Distribution and Habitat
The range of fishing cats extends from eastern Pakistan through the Terai region of the Himalayan foothills in India and Nepal, into Bangladesh, and in Sri Lanka. There are no confirmed records from Peninsular Malaysia, and Vietnam. The island of Java constitutes the eastern limit of their range, but already in the 1990s they were scarce and apparently restricted to tidal forests with sandy or muddy shores, older mangrove stands, and abandoned mangrove plantation areas with fishponds. In March 2003, a single fishing cat was camera trapped in Kulen Promtep Wildlife Sanctuary, northern Cambodia. In January 2008, their presence was confirmed in Botum-Sakor National Park, southwest Cambodia. Populations have also been documented in Thailand. But there are no confirmed records from Laos.
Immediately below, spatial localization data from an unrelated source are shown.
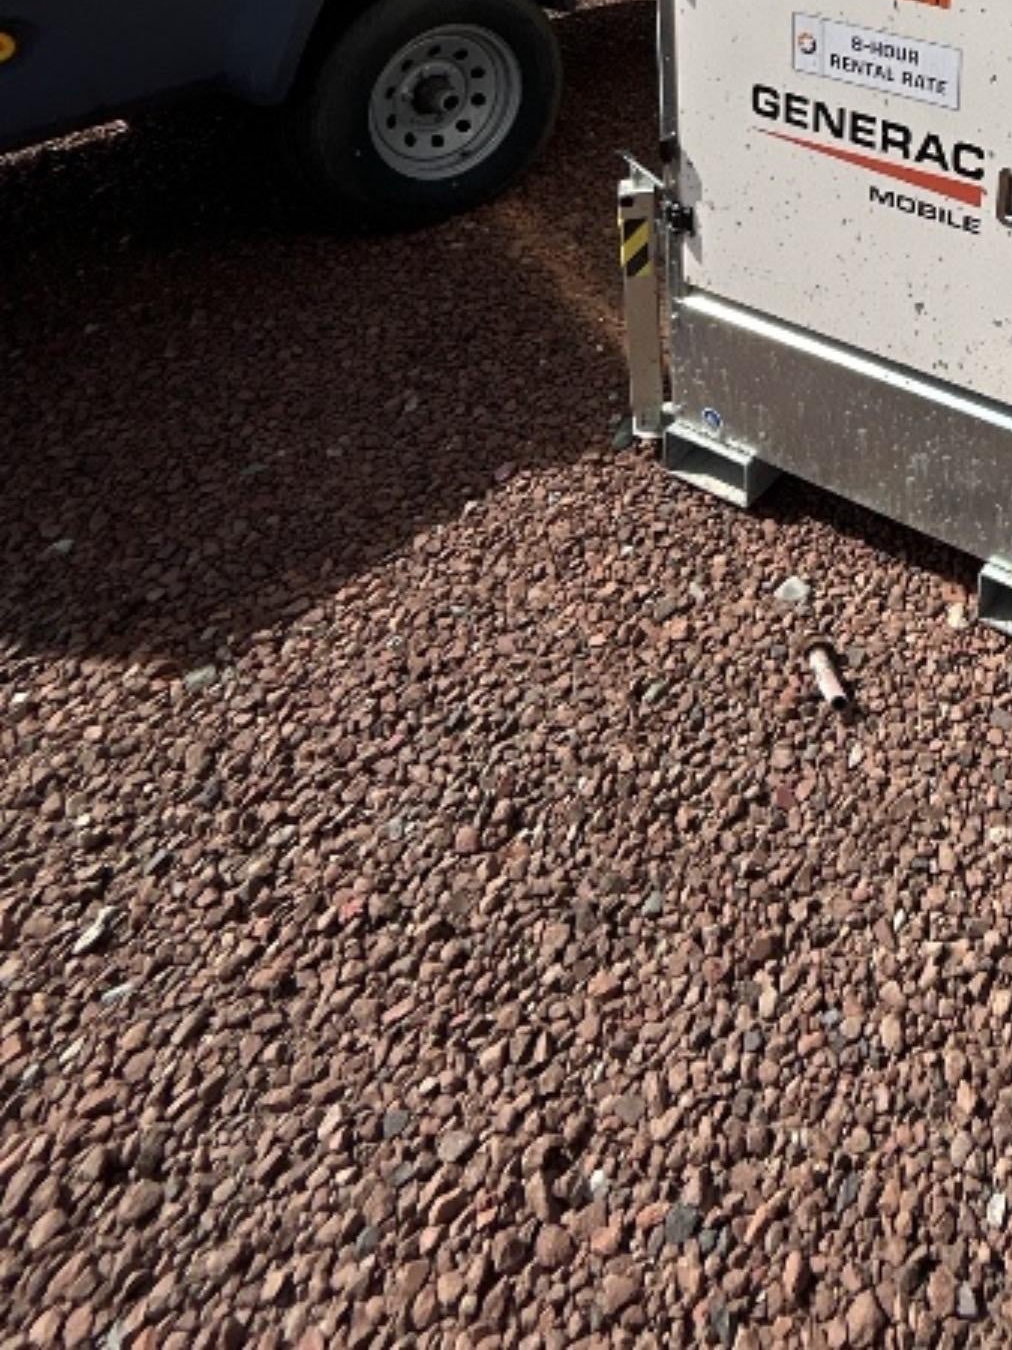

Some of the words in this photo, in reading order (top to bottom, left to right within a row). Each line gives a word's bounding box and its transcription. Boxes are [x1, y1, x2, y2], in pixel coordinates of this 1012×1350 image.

[830, 53, 895, 82] RENTAL
[902, 71, 948, 95] RATE
[851, 36, 919, 66] 8-HOUR
[752, 84, 985, 180] GENERAC
[869, 185, 982, 235] MOBILE
They are strongly associated with wetland, and are typically found in swamps and marshy areas, oxbow lakes, reed beds, tidal creeks and mangrove areas and are more scarce around smaller, fast-moving watercourses. Along watercourses they have been recorded at elevations up to 1,525 m (5,003 ft) in the Indian Himalayas, but most records are from lowland areas. Although fishing cats are widely distributed through a variety of habitat types including both evergreen and tropical dry forest, their occurrence tends to be highly localized.